It looks like an arrow that points to the left, but it’s made up of an left angle bracket (<) and a hyphen (-), placed next to each other.

The arrow is a reminder that the value on the right hand side will be assigned (stored) in the variable named on the left hand side.

For example, we can write this:

# assign the current year to a variable
current_year <- 2021

In the video we run the line with variable assignment.

And we now have a variable called current_year which contains the number 2021.

The simplest way to check what a variable contains is to write it’s name, and then run that line of code:

# print the variable we created to the console window
current_year
[1] 2021

You might wonder where these variables get saved. In most cases, variables you create are stored in what’s called the Global Environment. You can see them in the Environment pane in RStudio.

The names of variables are shown in the column on the left, and their values in the column on the right.

In the video we point at a variable name and value in the Environment pane.


Once stored, we can use variables as the input to new calculations.

For example, in this example we are adding 1 to the current year and storing the result in another variable called next_year:

# do a calculation to create a new variable from an existing one
next_year <- current_year + 1

Variable names

Giving variables sensible names is more important than you might imagine.

You will save yourself a lot of trouble if you give your variables short names which describe the data they contain.

Variable names can’t contain spaces, and it’s best to avoid special characters or capital letters.

Use the underscore _ if you need to create a variable made up of more than one word e.g. current_year.

Exercise 1

  1. Open session-2-workbook.rmd using the Files pane.
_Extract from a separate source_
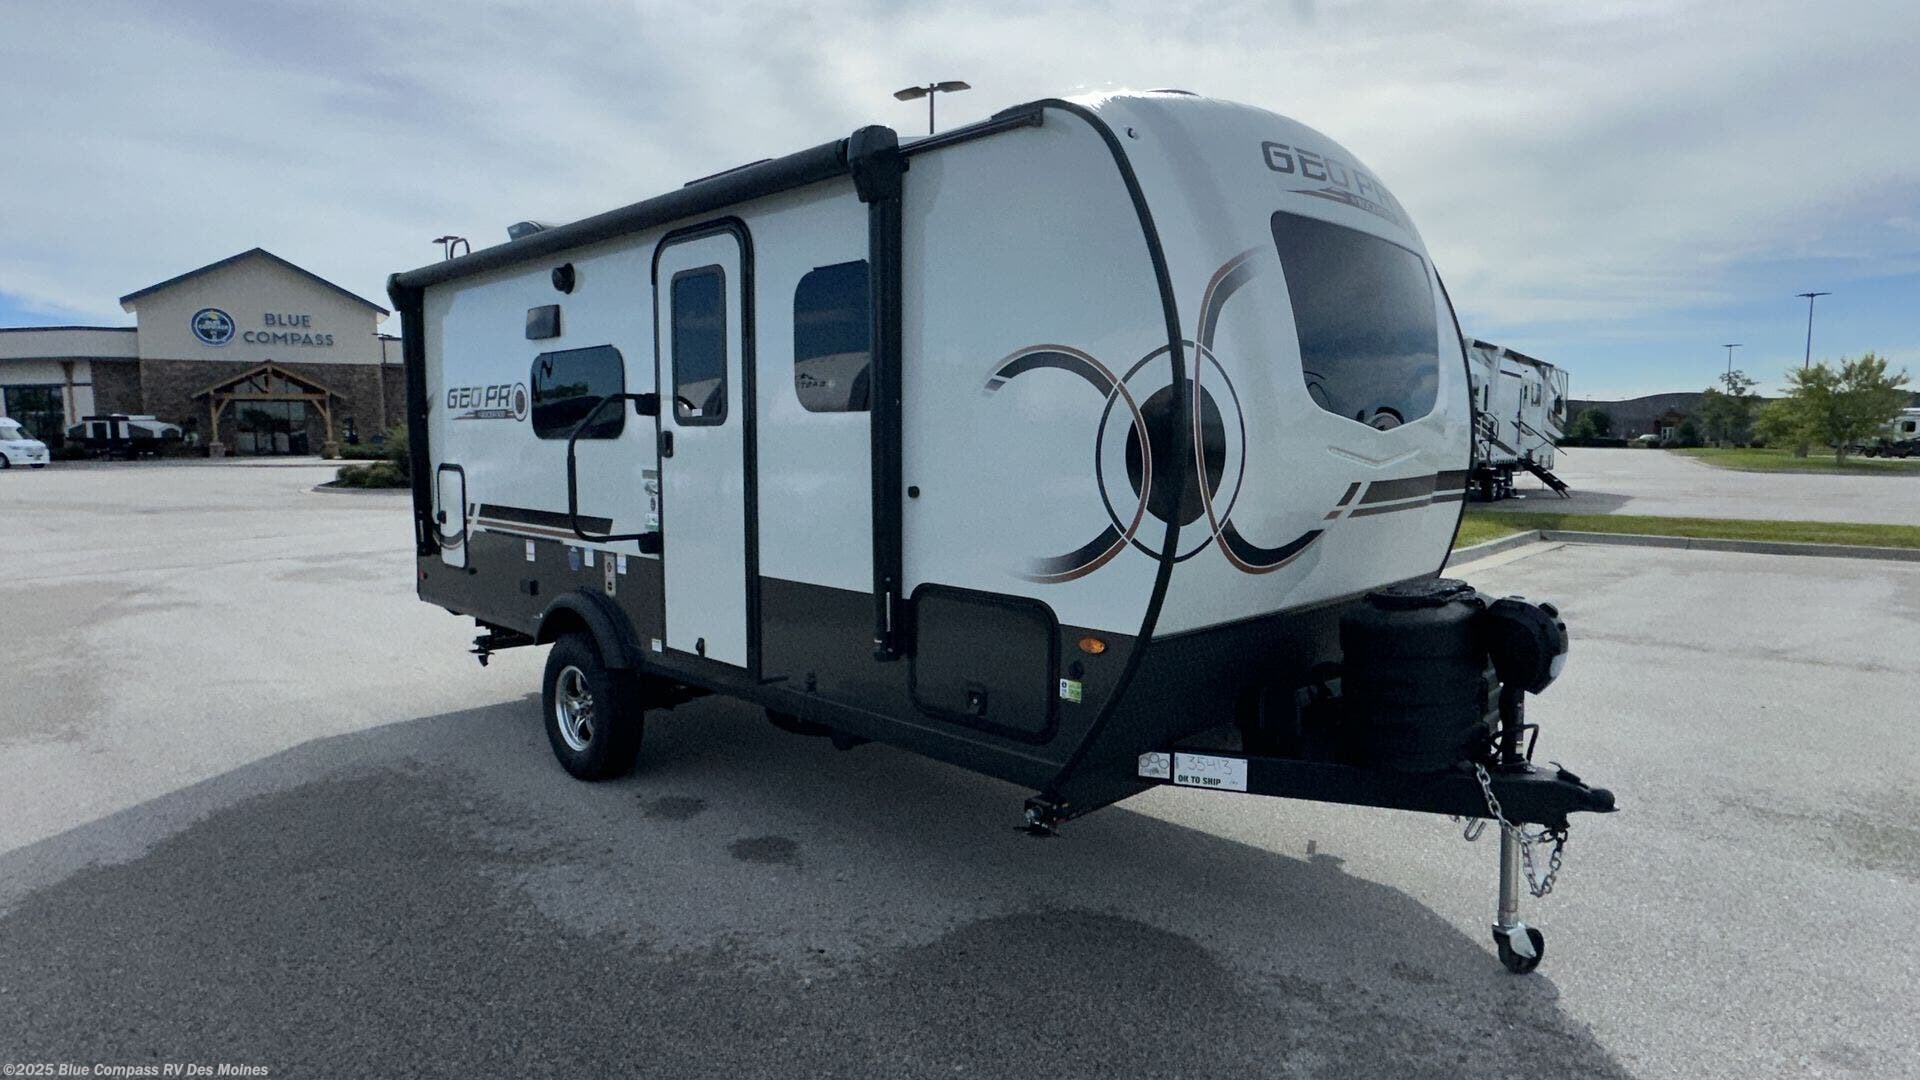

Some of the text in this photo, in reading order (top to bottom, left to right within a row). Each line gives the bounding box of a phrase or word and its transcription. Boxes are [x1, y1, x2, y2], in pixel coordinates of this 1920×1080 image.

This is the workbook you will be using in this session.
  2. Run the first chunk in the workbook.

The output should look like this:

Chunk which creates variables and prints a variable’s value
Chunk which creates variables and prints a variable’s value

Your Environment pane should look like this:

Environment pane after creating variables
Environment pane after creating variables

Exercise 2

  1. Create a new chunk below the Exercise 2 heading in your workbook (session-2.rmd).
  2. Assign the results of the calculation 2 * 35 to the variable seventy
  3. Run the chunk

Your Environment should now look like this:

Environment pane after creating new variable
Environment pane after creating new variable

Exercise 3

  1. Create a new chunk below the Exercise 3 heading in your workbook.
  2. Use R to calculate your age in the year 2051.
  3. Save the result in a variable with a descriptive name.

Passing data with pipes %>%

  • The pipe passes data from one piece of code to another
  • The pipe looks like this: %>%
  • Type Ctrl + Shift + M to add a pipe (use on Macs)
  • A pipeline is a list of operations, joined by pipes
  • Store the pipe output in a variable (using <-)
library(tidyverse)
library(psydata)

# pipe fuel into head()
fuel %>% head()

# store first few rows of fuel as a new variable
fuel_head <- fuel %>% head()

# see the stored subset
fuel_head

We often need to link a few commands together which modify data before analysing it.
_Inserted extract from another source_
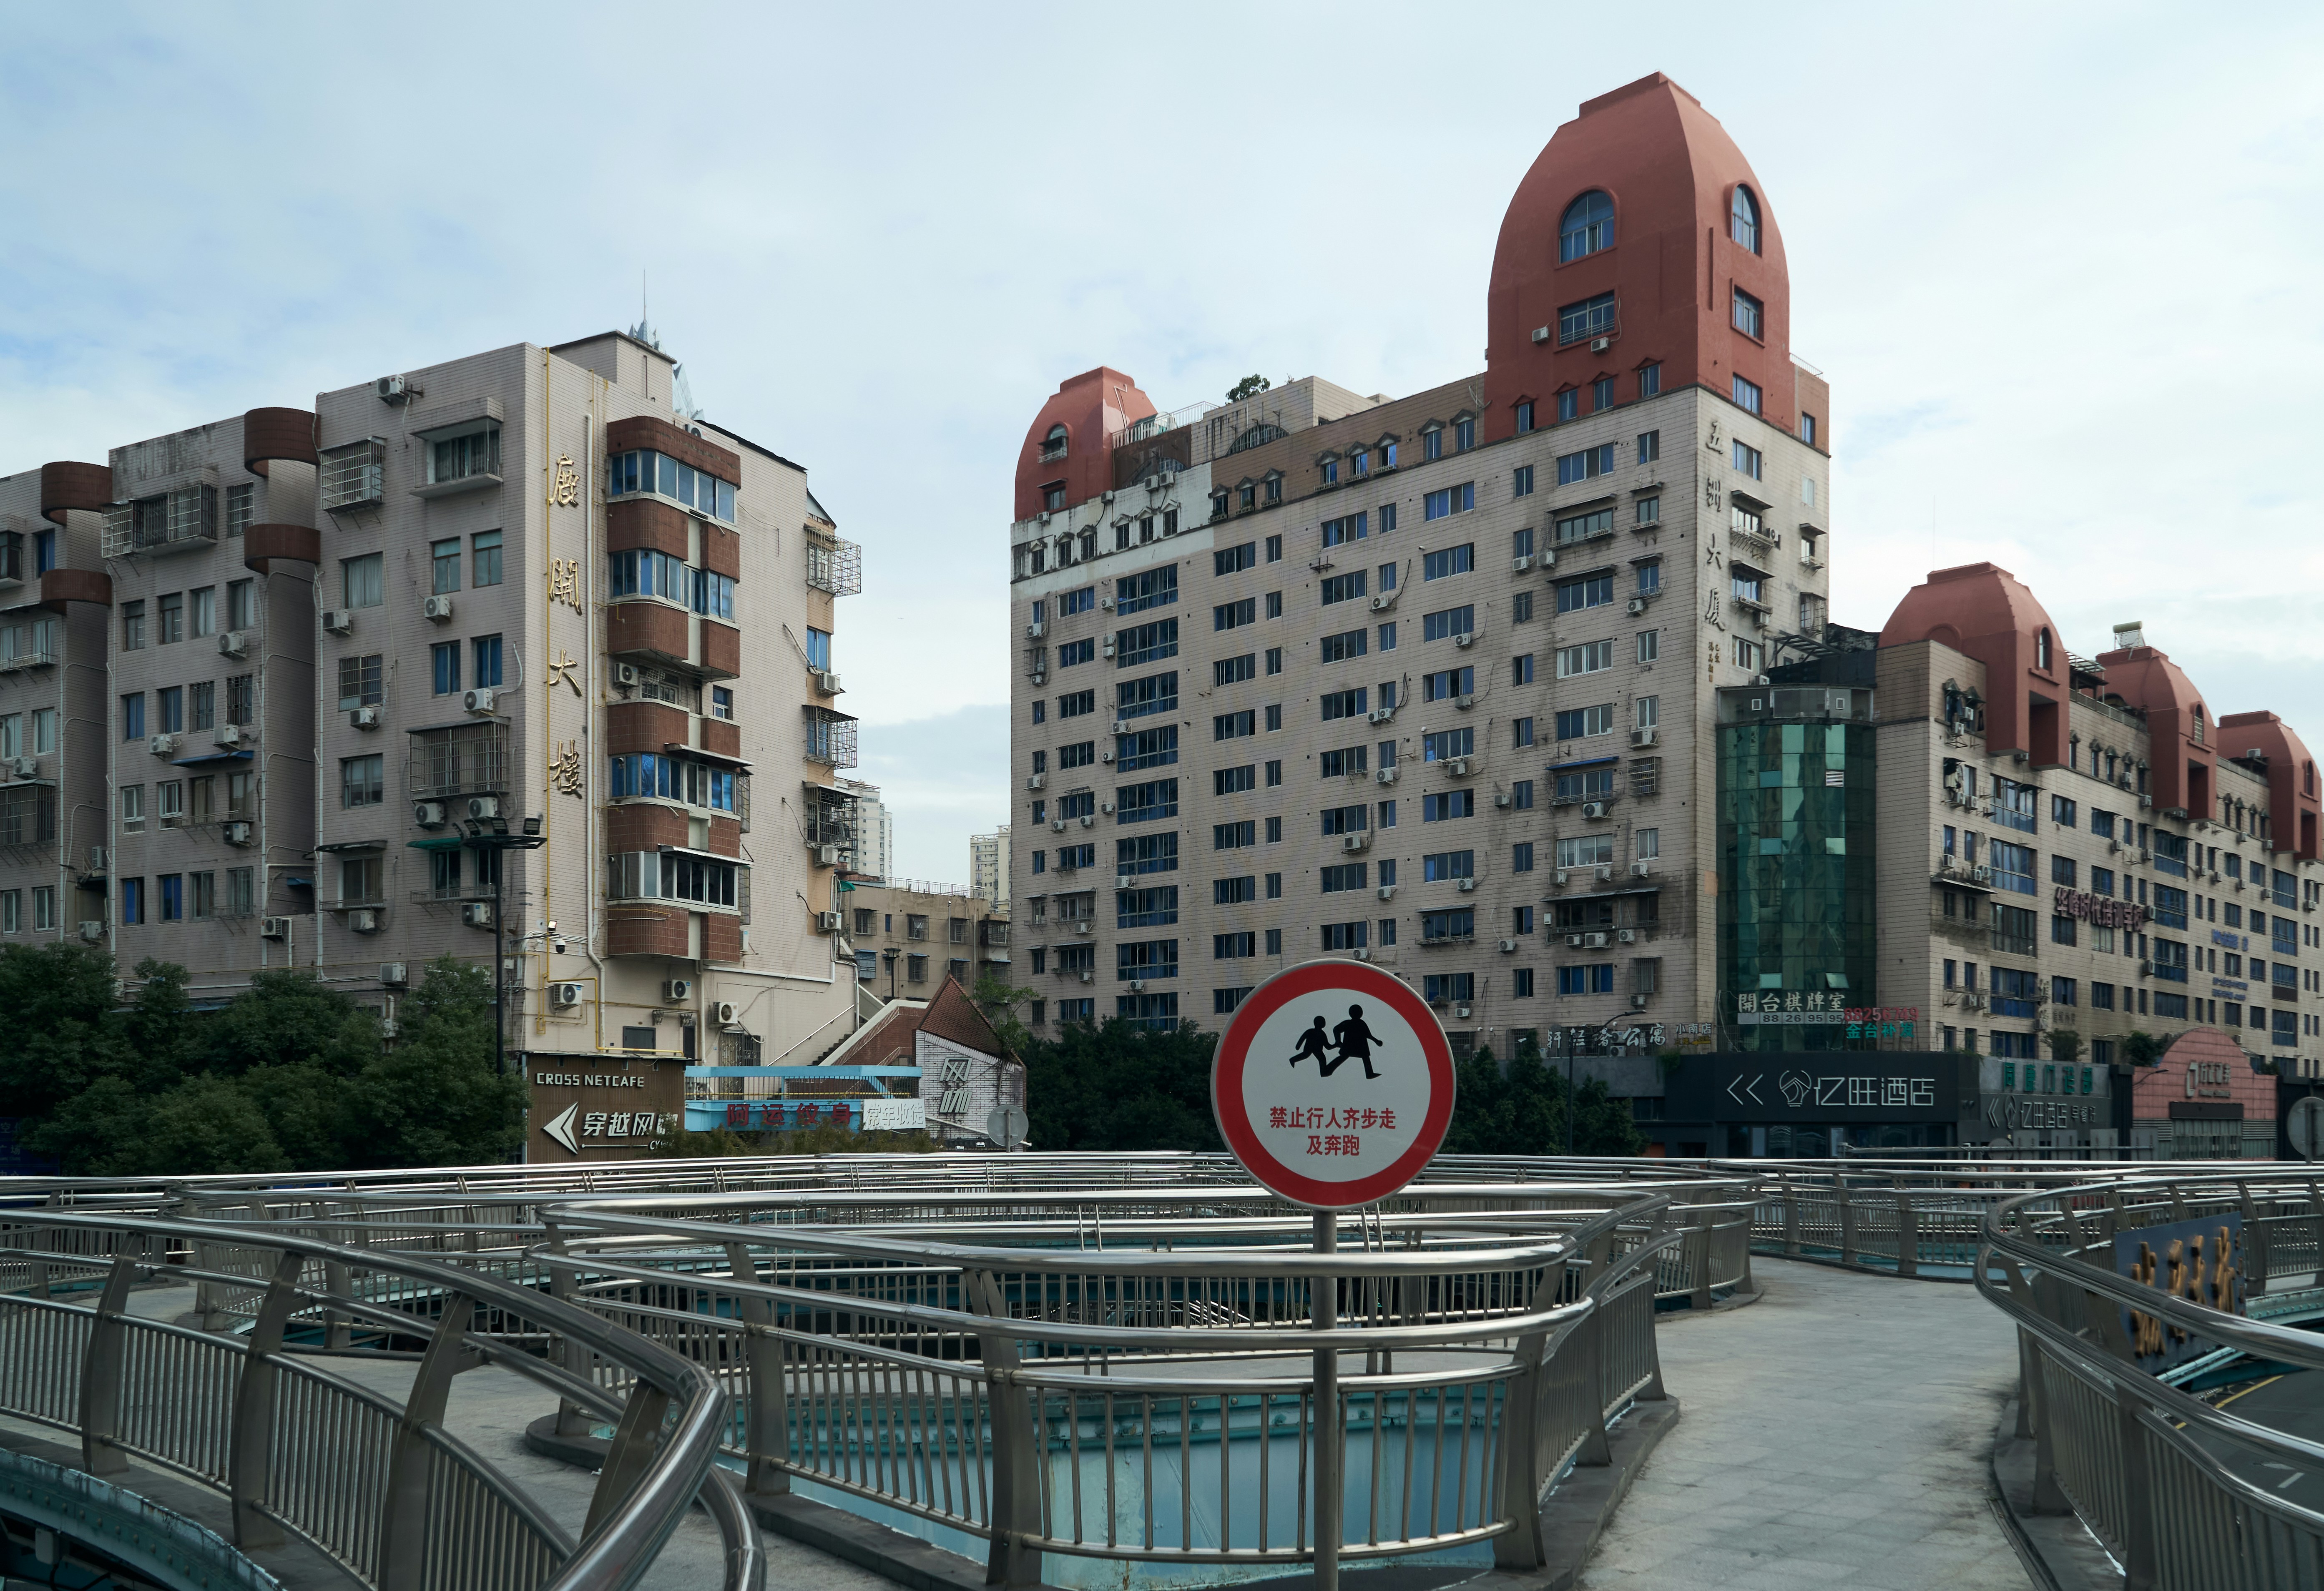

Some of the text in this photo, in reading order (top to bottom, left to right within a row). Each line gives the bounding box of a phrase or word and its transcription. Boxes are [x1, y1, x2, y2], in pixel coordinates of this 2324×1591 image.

For example, if we’re working with a big dataset we might only want analyse part of the data. We could do this in stages by selecting only the columns we want to analyse, filtering out any rows we don’t want to analyse, and then calculating some descriptive statistics for the data that’s left.
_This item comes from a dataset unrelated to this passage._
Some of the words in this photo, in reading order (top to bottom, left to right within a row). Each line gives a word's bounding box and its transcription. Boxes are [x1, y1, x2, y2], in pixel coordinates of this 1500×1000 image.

One way to do this would be to use variables to save the results of each stage, but this would produce lots of variables which can get confusing.

A different approach is to use what’s known as a ‘pipe’ — it’s another way to link together multiple instructions.

The pipe sends data from one piece of code to another.

It looks like this %>%.

Press Ctrl + Shift + M (Windows/Linux) or ⌘ + Shift + M (Mac) to add a pipe.

In session 1, you used the following code to “pipe” the fuel dataset into head(), which shows just the first few rows:

fuel %>% head()

In the video we highlight the visual reminder that the tidyverse package needs loading first

You can think of your data as flowing along lengths of pipe, joined by functions which do things to the data, step by step, until the result you want plops out at the end.

Each %>% should be read as the word “then”, e.g. “pipe the fuel dataset, then head() it”.

The > in the pipe function reminds you of the direction in which your data is flowing (it only works left to right).

It’s important to know that the pipe doesn’t store the results of these steps.

Sometimes that’s OK. In our first example we just wanted to look at the first few rows of the fuel data.

But, you will usually want to save the result of a pipeline in a new variable.
For example, if we wanted to save the first few rows of the fuel data to a new variable we would write:

fuel_head <- fuel %>% head()

Here we combine assignment with a pipeline.

Remember that it is the final result of the commands on the right hand side of the <- that are assigned to the variable.

The result of the pipeline (a data.frame containing the first few rows of fuel) is saved to a new variable called fuel_head.

You can explore your variables using the Environment pane. A data.frame will have an icon that looks like a spreadsheet. If you click on the icon, the data.frame is displayed in a new tab in the Source pane.

In the video we click on the fuel_head icon.

This tab shows you the same information as printing the data.frame, such as the number of rows and columns, but it also provides tools for exploring the data interactively.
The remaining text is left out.